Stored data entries
________

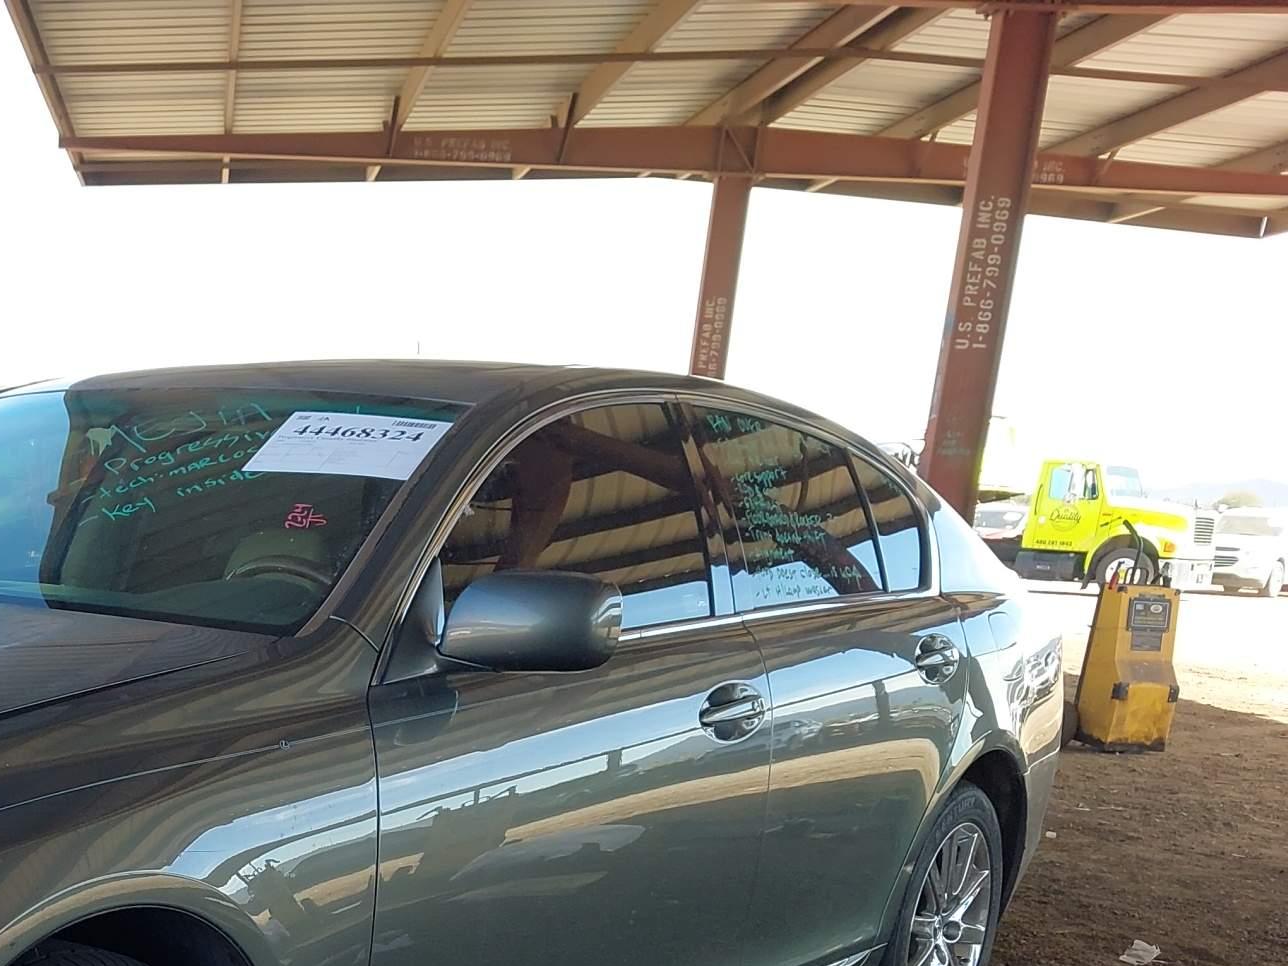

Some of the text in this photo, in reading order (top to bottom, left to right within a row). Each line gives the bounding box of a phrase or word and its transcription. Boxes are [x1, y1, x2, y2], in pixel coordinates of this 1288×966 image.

[963, 237, 987, 306] PREFAB
[975, 195, 995, 229] INC.
[972, 197, 1011, 348] 1-866-799-0969
[104, 430, 275, 475] Progressiv
[294, 424, 424, 443] 44468324
[1049, 508, 1082, 524] Quality
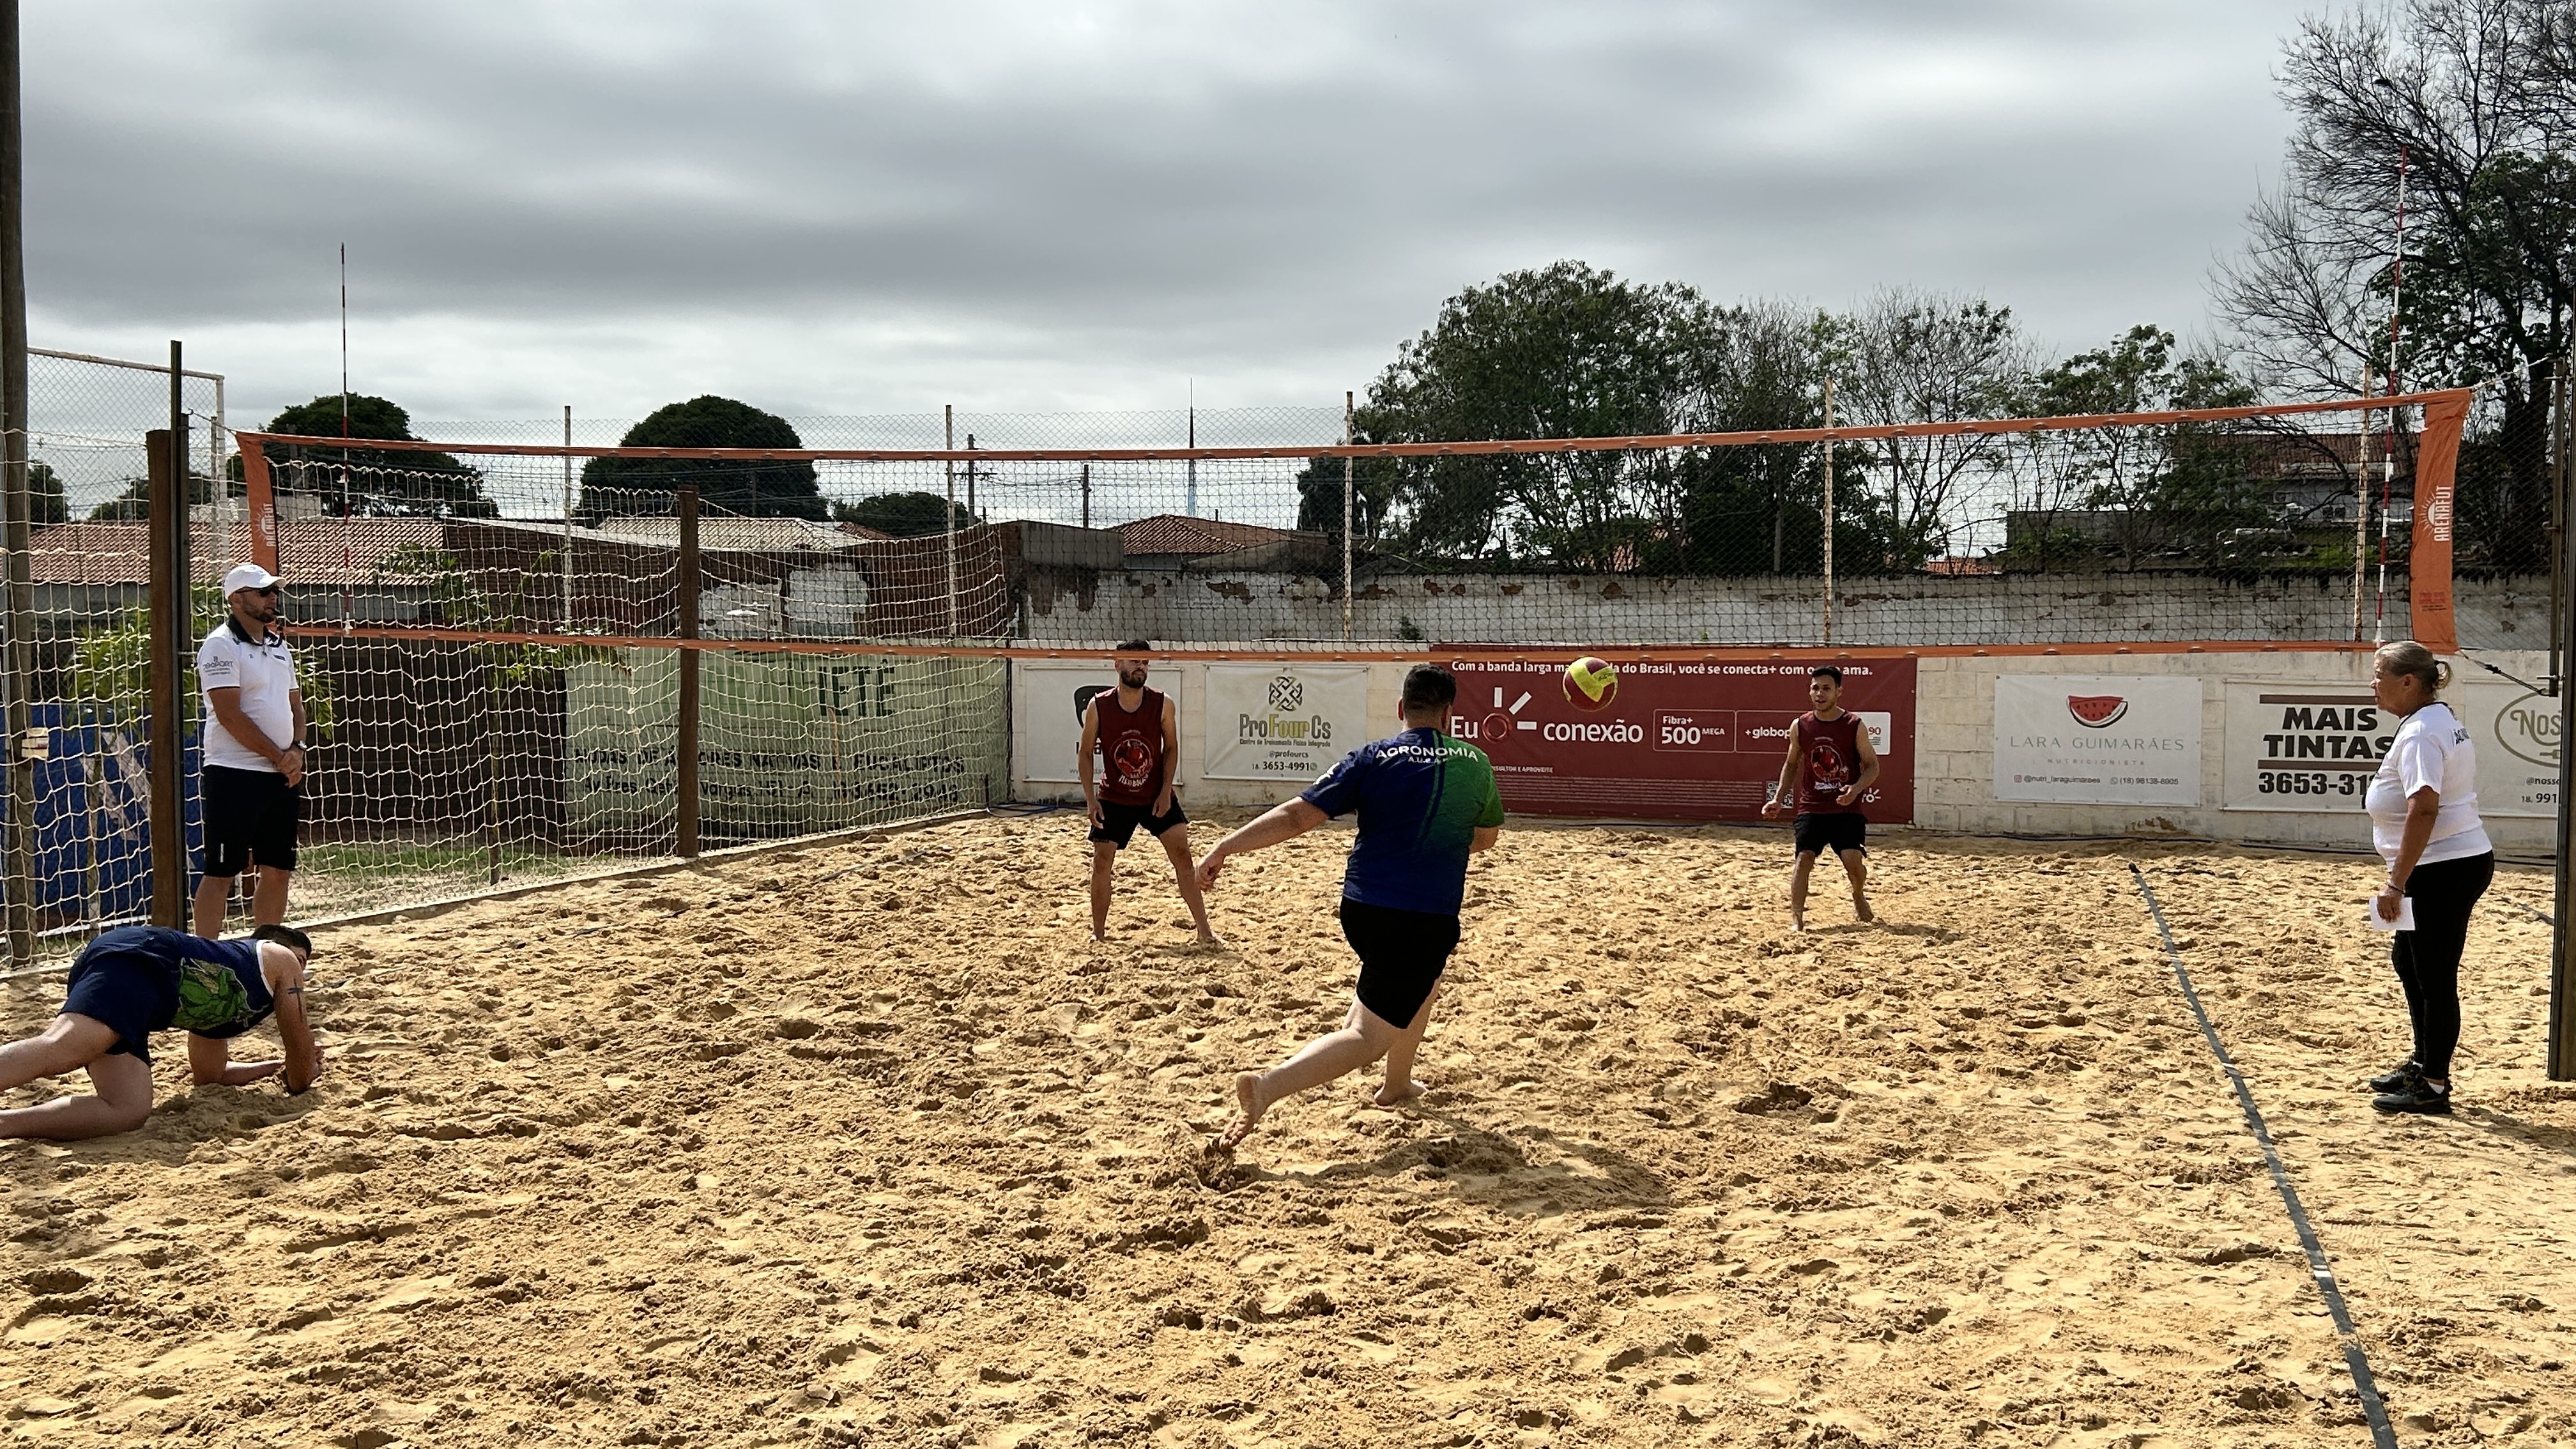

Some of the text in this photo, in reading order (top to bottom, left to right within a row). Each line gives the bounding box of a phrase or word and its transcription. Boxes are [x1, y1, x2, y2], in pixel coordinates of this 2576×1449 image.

[2434, 485, 2451, 542] ARENAFUT
[1452, 661, 1476, 671] Com
[1478, 663, 1485, 671] a
[1487, 661, 1521, 673] banda
[1523, 663, 1551, 675] larga
[1622, 663, 1637, 674] do
[1639, 663, 1676, 675] Brasil,
[1678, 663, 1705, 675] você
[1707, 665, 1720, 675] se
[1723, 665, 1777, 676] conecta+
[1779, 666, 1805, 675] com
[1843, 667, 1873, 675] ama.
[1450, 716, 1478, 739] Eu
[1662, 716, 1693, 724] Fibra+
[2282, 707, 2379, 732] MAIS
[1543, 719, 1644, 743] conexão
[1661, 727, 1701, 744] 500
[2010, 735, 2184, 751] LARA GUIMARÃES
[2263, 735, 2395, 760] TINTAS
[1376, 745, 1479, 762] AGRONOMIA
[1262, 761, 1310, 771] 3653-4991
[2258, 772, 2375, 795] 3653-31
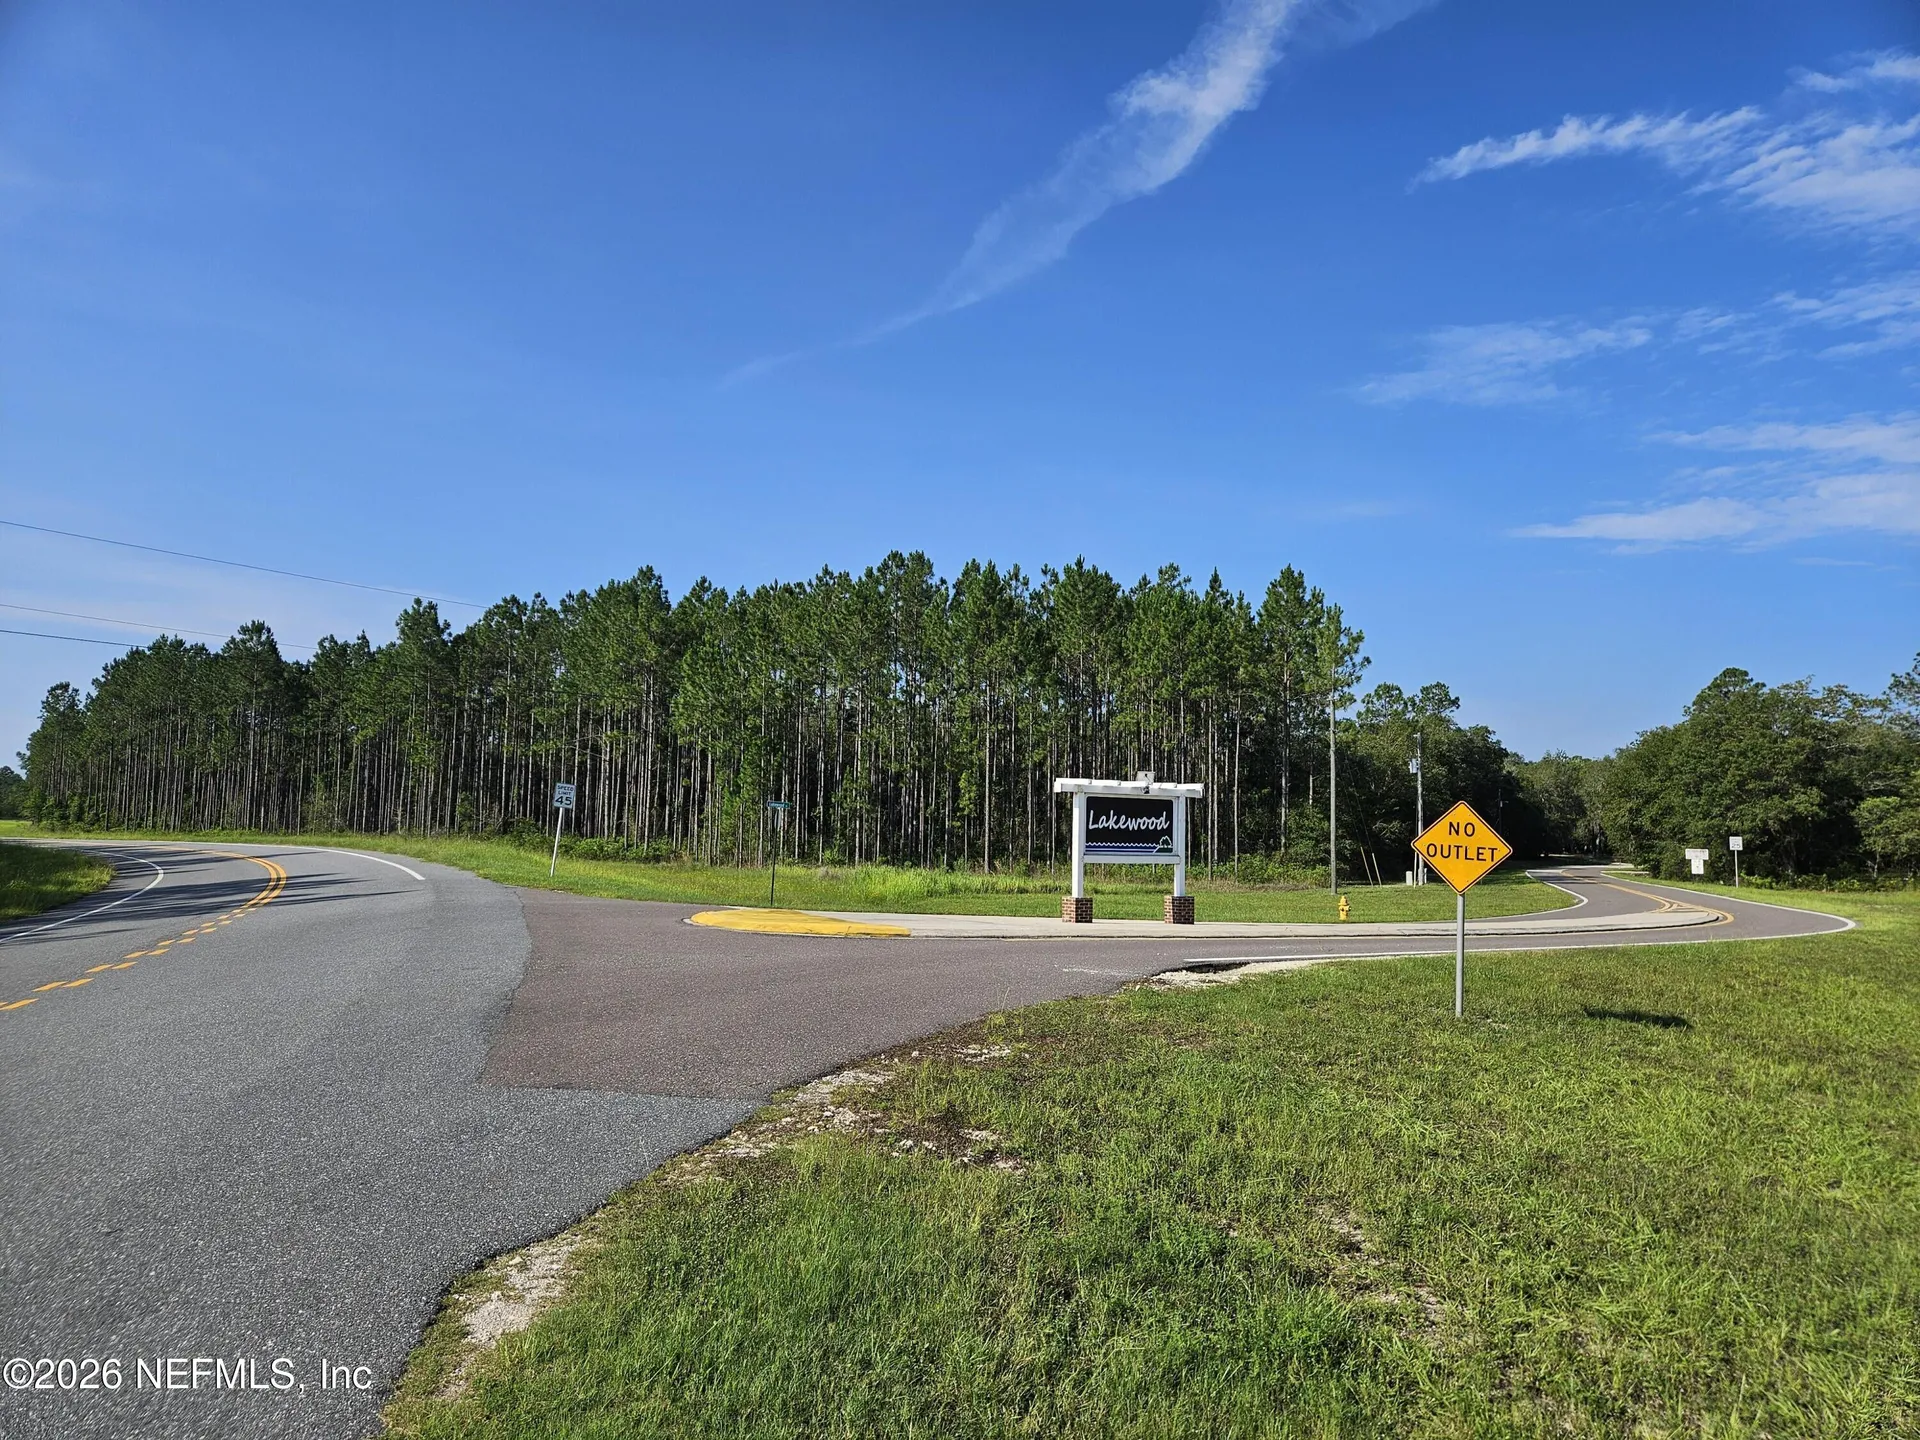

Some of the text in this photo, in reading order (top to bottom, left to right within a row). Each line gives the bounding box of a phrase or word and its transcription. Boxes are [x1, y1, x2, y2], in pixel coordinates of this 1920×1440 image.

[555, 796, 572, 805] 45
[1089, 810, 1170, 831] Lakewood
[1448, 821, 1475, 837] NO
[1426, 843, 1498, 862] OUTLET

________

* What the exercise asks
Every record above should be written out again exactly; the pictures stay out of the copy.

* Answer to the exercise
Some of the text in this photo, in reading order (top to bottom, left to right within a row). Each line gives the bounding box of a phrase or word and its transcription. Boxes are [x1, y1, x2, y2], in pixel coordinates of this 1288×966 image.

[963, 237, 987, 306] PREFAB
[975, 195, 995, 229] INC.
[972, 197, 1011, 348] 1-866-799-0969
[104, 430, 275, 475] Progressiv
[294, 424, 424, 443] 44468324
[1049, 508, 1082, 524] Quality

Some of the text in this photo, in reading order (top to bottom, left to right within a row). Each line gives the bounding box of a phrase or word and its transcription. Boxes are [x1, y1, x2, y2], in pixel coordinates of this 2576×1449 image.

[2434, 485, 2451, 542] ARENAFUT
[1452, 661, 1476, 671] Com
[1478, 663, 1485, 671] a
[1487, 661, 1521, 673] banda
[1523, 663, 1551, 675] larga
[1622, 663, 1637, 674] do
[1639, 663, 1676, 675] Brasil,
[1678, 663, 1705, 675] você
[1707, 665, 1720, 675] se
[1723, 665, 1777, 676] conecta+
[1779, 666, 1805, 675] com
[1843, 667, 1873, 675] ama.
[1450, 716, 1478, 739] Eu
[1662, 716, 1693, 724] Fibra+
[2282, 707, 2379, 732] MAIS
[1543, 719, 1644, 743] conexão
[1661, 727, 1701, 744] 500
[2010, 735, 2184, 751] LARA GUIMARÃES
[2263, 735, 2395, 760] TINTAS
[1376, 745, 1479, 762] AGRONOMIA
[1262, 761, 1310, 771] 3653-4991
[2258, 772, 2375, 795] 3653-31

Some of the text in this photo, in reading order (top to bottom, left to right within a row). Each line gives the bounding box of a phrase or word and its transcription. Boxes are [x1, y1, x2, y2], in pixel coordinates of this 1920×1440 image.

[555, 796, 572, 805] 45
[1089, 810, 1170, 831] Lakewood
[1448, 821, 1475, 837] NO
[1426, 843, 1498, 862] OUTLET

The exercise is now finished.